Fanfiction. Romance. YA. These genres are frequently accused of being low-quality. So why is it that so many of us love to read them?
People love bad books. You hear it from literary critics all the time. But if people love them, doesn't that sort of make them good?
Book Quality is Subjective
What makes a bad book? Unfortunately, there is no consensus on what is or isn't quality. In the 50s, people rallied against the content of comic books and worried that depicting independent women like Wonder Woman would turn young female readers into lesbians. In the 70s, Lord of the Flies was banned in schools for its violence, dark themes, and sexual content. In the nineties, parents feared that the Harry Potter series promoted witchcraft and Satanism. And most recently, people have been up in arms over Fifty Shades of Grey. So are all of these books "trash"? Are any of them?
Unfortunately, there's just no measure of what a good quality book is. Is it just good grammar and spelling? Does it have to win an award? Are we judging based on sales? No matter how you look at it, books are an art form and art is subjective.
It's also worth noting that genres that interest women, young people, and queer people are often first up for being called trash. These books are typically written and read by people in those communities, who are already a target of prejudice.

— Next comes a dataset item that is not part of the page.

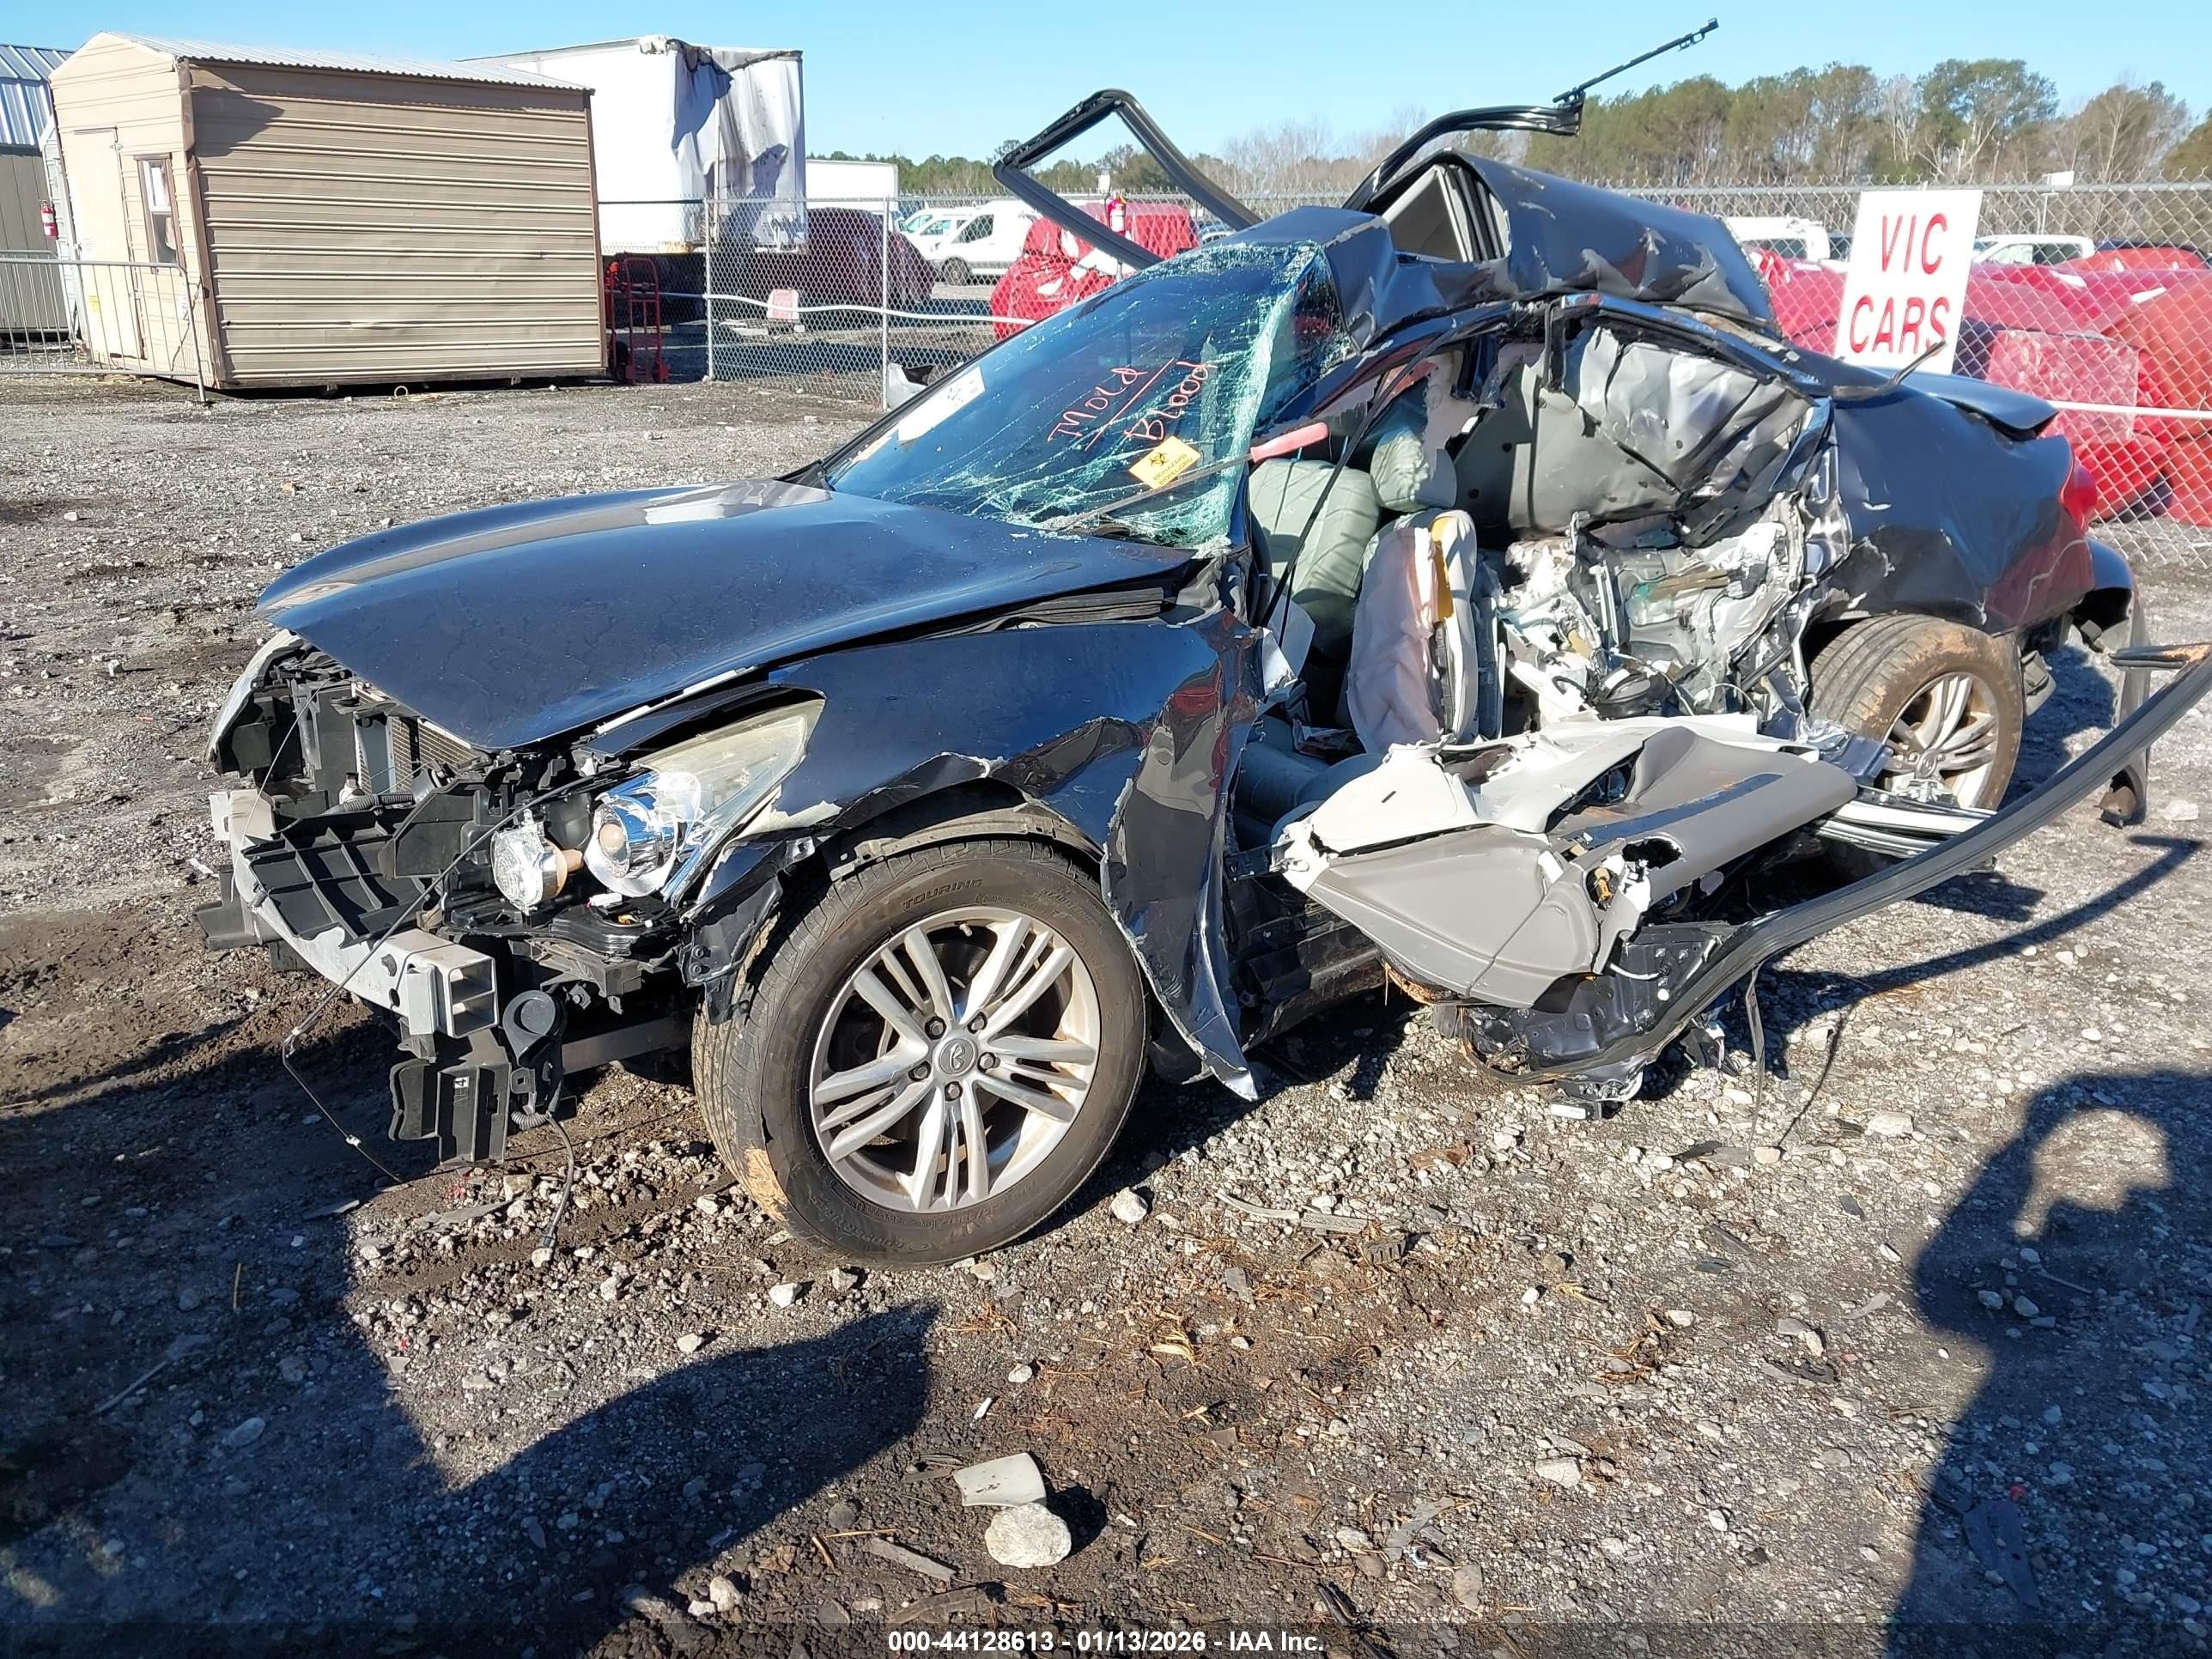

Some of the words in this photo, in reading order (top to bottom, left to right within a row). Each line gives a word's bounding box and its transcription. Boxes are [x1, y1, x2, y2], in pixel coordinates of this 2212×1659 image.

[1881, 213, 1948, 276] VIC
[1849, 295, 1951, 357] CARS
[902, 878, 983, 911] TOURING

Literary Critics and Publishers Are Being Challenged
German publisher Michael Krüger told an interviewer, "I only get nervous when people are constantly reading second-class books, when reviewers praise third-rate books, and when booksellers put bad books in their windows. Since book publishing became a mass-market business, the quality level is constantly sinking."
It's true that book publishing is more accessible. Does that mean that the quality level is going down?

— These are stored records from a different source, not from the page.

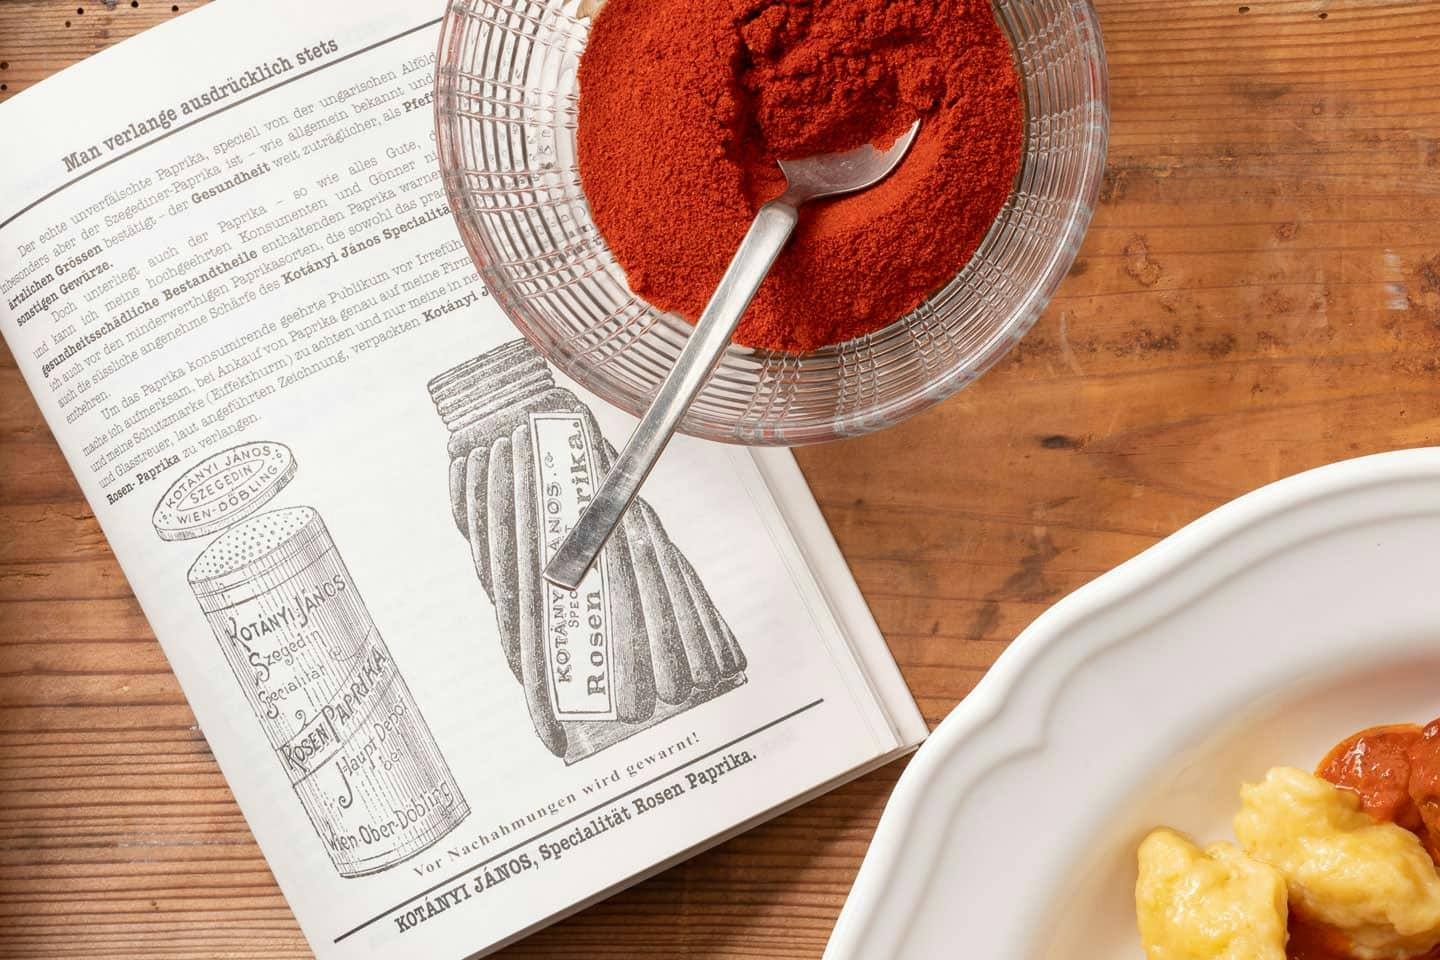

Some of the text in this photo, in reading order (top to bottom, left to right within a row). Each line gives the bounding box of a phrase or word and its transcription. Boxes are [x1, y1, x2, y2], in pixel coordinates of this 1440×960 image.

[17, 240, 36, 258] Der
[39, 222, 68, 244] echte
[70, 178, 152, 224] unverfälschte
[155, 153, 209, 180] Paprika,
[213, 126, 261, 155] speciell
[264, 116, 289, 131] von
[293, 104, 314, 118] der
[319, 72, 397, 108] ungarischen
[52, 238, 76, 257] aber
[81, 224, 100, 240] der
[104, 166, 222, 227] Szegediner-Paprika
[225, 155, 243, 168] ist
[260, 138, 284, 152] wie
[288, 110, 349, 141] allgemein
[351, 86, 404, 114] bekannt
[408, 72, 436, 90] und
[61, 39, 338, 173] Man verlange ausdrücklich stets
[32, 340, 50, 360] und
[50, 324, 77, 345] kann
[81, 310, 99, 326] ich
[104, 288, 140, 312] meine
[145, 242, 232, 288] hochgeehrten
[238, 200, 328, 244] Konsumenten
[335, 182, 362, 200] und
[368, 161, 415, 186] Gönner
[50, 302, 78, 324] Doch
[83, 266, 140, 302] unterliegt
[148, 248, 179, 268] auch
[188, 232, 208, 247] der
[216, 206, 267, 233] Paprika
[293, 188, 308, 199] so
[316, 173, 340, 188] wie
[348, 157, 378, 176] alles
[386, 142, 421, 159] Gute,
[54, 245, 104, 276] Grössen
[102, 216, 156, 248] bestätigt
[168, 200, 189, 216] der
[191, 162, 271, 204] Gesundheit
[272, 150, 300, 167] weit
[382, 108, 402, 122] als
[16, 262, 114, 328] sonstigen Gewürze.
[42, 298, 160, 378] gesundheitsschädliche
[161, 250, 258, 301] Bestandtheile
[262, 212, 345, 253] enthaltenden
[346, 190, 397, 215] Paprika
[49, 377, 63, 392] ich
[62, 362, 84, 382] auch
[83, 352, 101, 366] vor
[104, 338, 125, 355] den
[326, 231, 346, 245] die
[348, 208, 394, 236] sowohl
[395, 200, 418, 215] das
[58, 388, 78, 408] auch
[77, 379, 92, 394] die
[140, 315, 208, 356] angenehme
[209, 291, 256, 319] Schärfe
[259, 280, 280, 295] des
[280, 252, 339, 285] Kotányi
[340, 235, 381, 258] János
[100, 405, 120, 420] Um
[122, 392, 140, 408] das
[140, 368, 186, 397] Paprika
[186, 322, 277, 372] konsumirende
[280, 300, 326, 328] geehrte
[328, 272, 391, 304] Publikum
[392, 260, 413, 275] vor
[108, 424, 124, 439] ich
[124, 386, 195, 429] aufmerksam,
[194, 372, 216, 388] bei
[218, 347, 262, 378] Ankauf
[263, 338, 288, 354] von
[288, 315, 338, 342] Paprika
[340, 297, 378, 322] genau
[379, 284, 400, 302] auf
[401, 270, 440, 292] meine
[66, 392, 111, 424] entbehren.
[90, 454, 108, 472] und
[105, 440, 133, 462] meine
[132, 399, 205, 444] Schutzmarke
[294, 348, 312, 360] zu
[312, 328, 355, 352] achten
[355, 312, 382, 332] und
[382, 304, 406, 320] nur
[408, 286, 446, 308] meine
[447, 280, 462, 292] in
[98, 470, 116, 488] und
[114, 438, 174, 477] Glasstreuer,
[173, 422, 199, 441] laut
[201, 385, 276, 427] angeführten
[277, 350, 349, 388] Zeichnung,
[350, 318, 421, 353] verpackten
[421, 290, 479, 323] Kotányi
[136, 454, 181, 486] Paprika
[182, 445, 198, 458] zu
[198, 414, 263, 448] verlangen.
[190, 464, 253, 504] SZEGEDIN
[249, 630, 327, 687] Szegedin
[551, 590, 572, 684] KOTÁNY
[587, 589, 606, 696] Rosen
[394, 750, 757, 933] KOTÁNYI JÁNOS, Specialität Rosen Paprika.
[413, 731, 700, 878] Vor Nachahmungen wird gewarnt!

Here's the thing... mass-market book publishing and self-publishing means that more voices are being heard than ever before. Publishing is a traditionally very white and very male industry, and until recently writers had to go through those gatekeepers to ever reach an audience. Now, they can reach their audience directly.

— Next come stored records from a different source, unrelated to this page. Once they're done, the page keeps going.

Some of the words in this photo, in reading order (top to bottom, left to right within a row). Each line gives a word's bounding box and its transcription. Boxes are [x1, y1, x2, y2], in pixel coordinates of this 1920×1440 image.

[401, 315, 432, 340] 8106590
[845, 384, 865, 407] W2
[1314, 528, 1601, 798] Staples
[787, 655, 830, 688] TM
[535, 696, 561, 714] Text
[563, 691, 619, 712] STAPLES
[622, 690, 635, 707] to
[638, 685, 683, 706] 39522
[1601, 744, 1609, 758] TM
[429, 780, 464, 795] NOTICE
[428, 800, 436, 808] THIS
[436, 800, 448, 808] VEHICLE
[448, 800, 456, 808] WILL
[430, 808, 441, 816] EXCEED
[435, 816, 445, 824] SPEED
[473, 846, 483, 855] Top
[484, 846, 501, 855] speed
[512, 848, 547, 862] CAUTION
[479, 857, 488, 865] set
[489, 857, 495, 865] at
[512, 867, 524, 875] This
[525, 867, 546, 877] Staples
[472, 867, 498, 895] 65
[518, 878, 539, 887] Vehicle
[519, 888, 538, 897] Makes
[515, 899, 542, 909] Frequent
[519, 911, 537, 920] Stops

With fewer traditional publishing restrictions, book buyers are seeing more diverse authors and main characters that they can relate to. It's no wonder that consumers like these books.
Books are also less censored than ever before. Subversive themes of sex, violence, morality, race, sexuality, and gender are now getting published. Of course, many of these themes are considered the markers of trash fiction.
So, if we're getting more diverse books and people are buying more books than ever before, what's the problem?
Trash Fiction is Empowering
People who are comfortable with the status quo do not like when the rules are changed. Fanfiction came along and empowered gay teens to see a place for themselves in a traditionally heterosexual world. Bodice-rippers remind women that they can enjoy sex on their own terms. YA fiction gives young people agency in a world where they often have very little.
Trash fiction scares people—because it's not sanitized. Because it's empowering minorities. Because it refuses to fit in the box that the world wants to put it in.
You may like some of it, you may hate some of it, and that's fine.
But there is no high art or low art. There's just art.